(Recorded data)
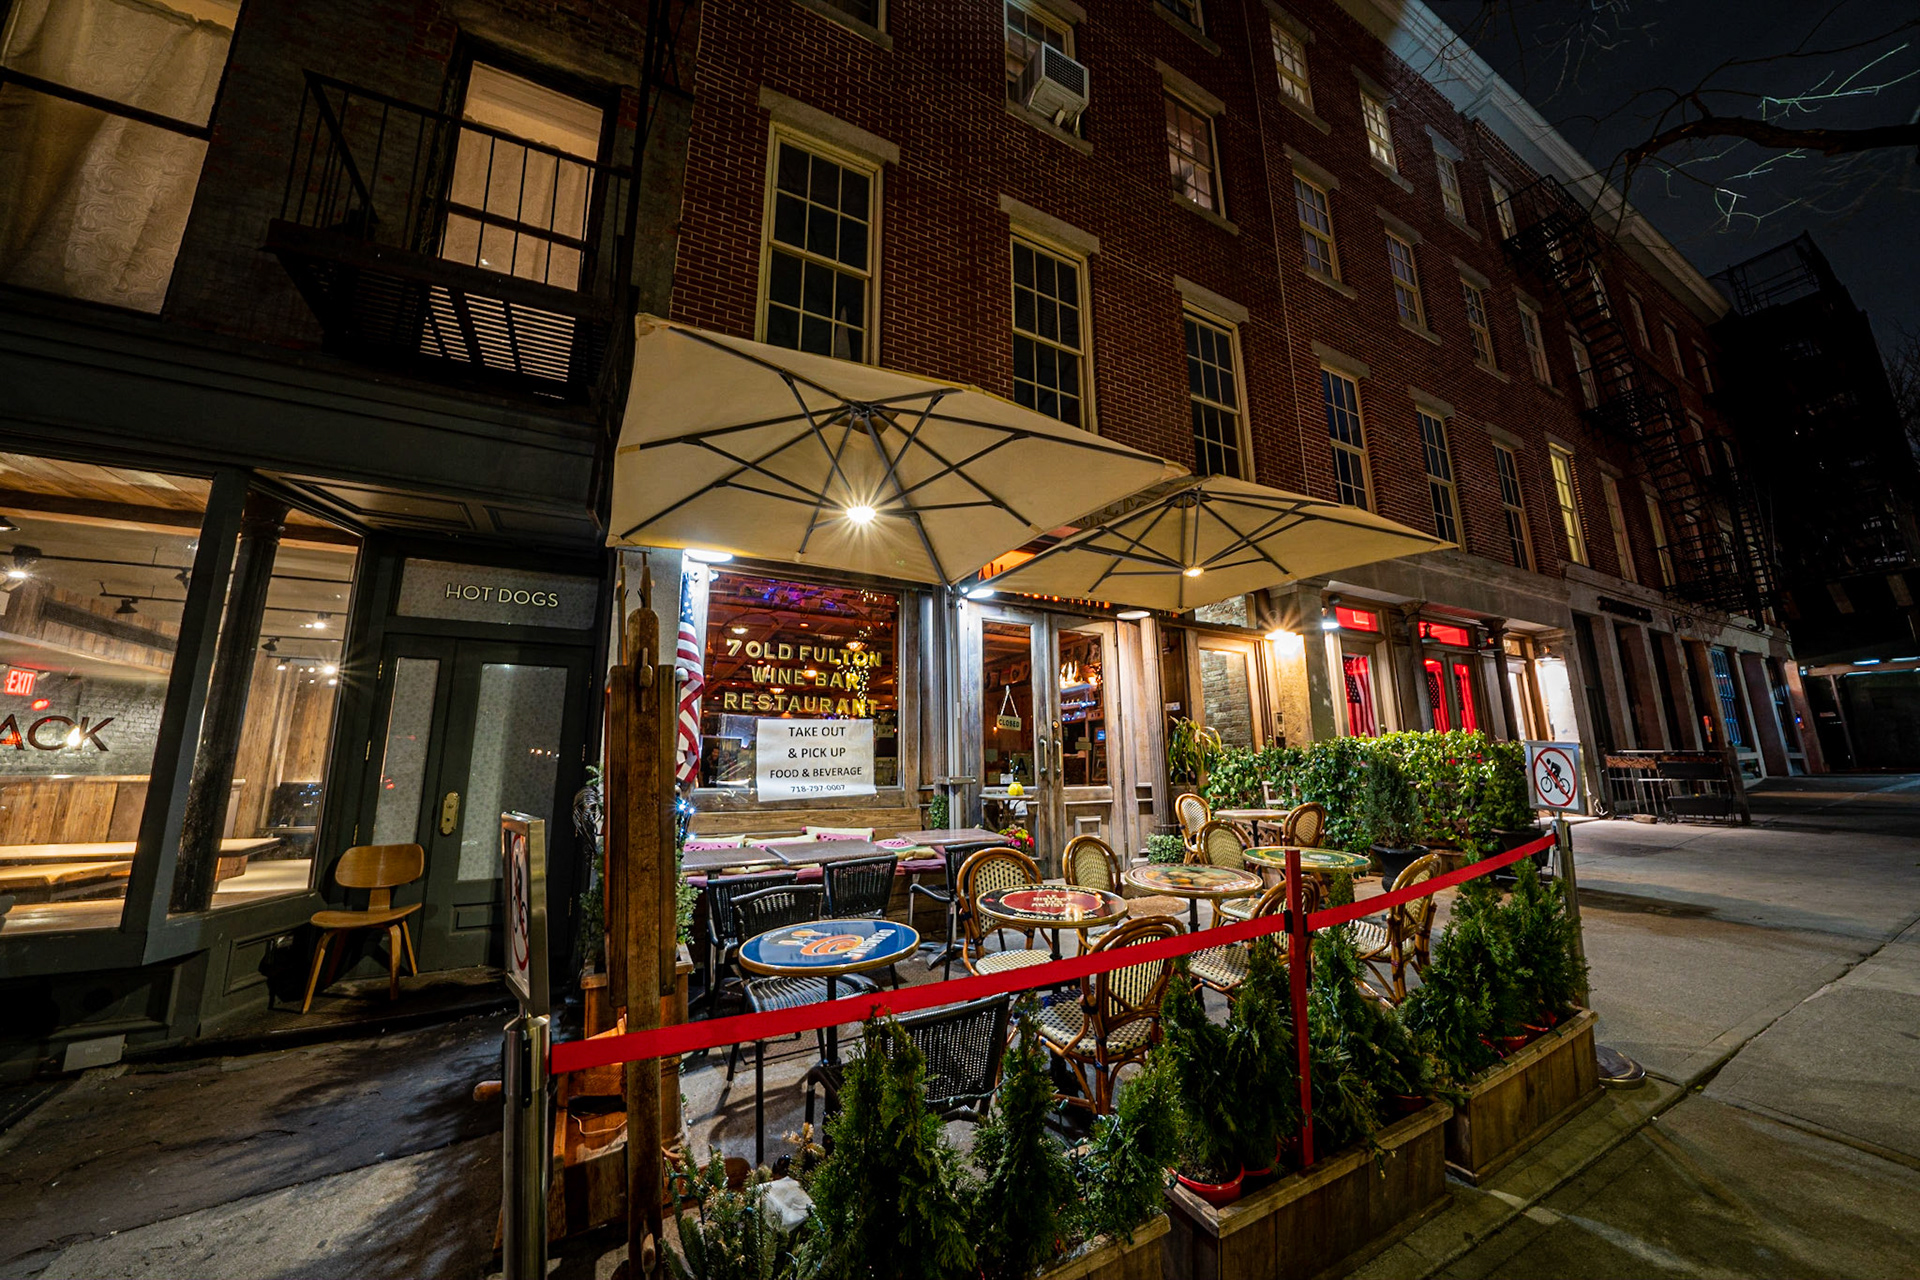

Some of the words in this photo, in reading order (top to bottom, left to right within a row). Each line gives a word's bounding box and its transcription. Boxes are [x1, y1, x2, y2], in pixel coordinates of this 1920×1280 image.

[445, 583, 494, 602] HOT
[497, 588, 560, 608] DOGS
[725, 639, 743, 657] 7
[744, 640, 794, 661] OLD
[799, 645, 883, 668] FULTON
[7, 670, 35, 694] EXIT
[750, 665, 806, 686] WINE
[814, 671, 861, 691] BAR
[723, 691, 880, 716] RESTAURANT
[788, 726, 818, 737] TAKE
[821, 726, 847, 737] OUT
[998, 718, 1020, 728] CLOSED
[787, 748, 798, 759] &
[801, 748, 828, 758] PICK
[830, 747, 847, 757] UP
[770, 769, 799, 779] FOOD
[801, 768, 810, 778] &
[812, 766, 863, 777] BEVERAGE
[1015, 758, 1028, 776] A

**TASK DESCRIPTION**: Using the data above, write out every line exactly, leaving the images behind.

**SOLUTION**:
Some of the words in this photo, in reading order (top to bottom, left to right within a row). Each line gives a word's bounding box and its transcription. Boxes are [x1, y1, x2, y2], in pixel coordinates of this 1920×1280 image.

[445, 583, 494, 602] HOT
[497, 588, 560, 608] DOGS
[725, 639, 743, 657] 7
[744, 640, 794, 661] OLD
[799, 645, 883, 668] FULTON
[7, 670, 35, 694] EXIT
[750, 665, 806, 686] WINE
[814, 671, 861, 691] BAR
[723, 691, 880, 716] RESTAURANT
[788, 726, 818, 737] TAKE
[821, 726, 847, 737] OUT
[998, 718, 1020, 728] CLOSED
[787, 748, 798, 759] &
[801, 748, 828, 758] PICK
[830, 747, 847, 757] UP
[770, 769, 799, 779] FOOD
[801, 768, 810, 778] &
[812, 766, 863, 777] BEVERAGE
[1015, 758, 1028, 776] A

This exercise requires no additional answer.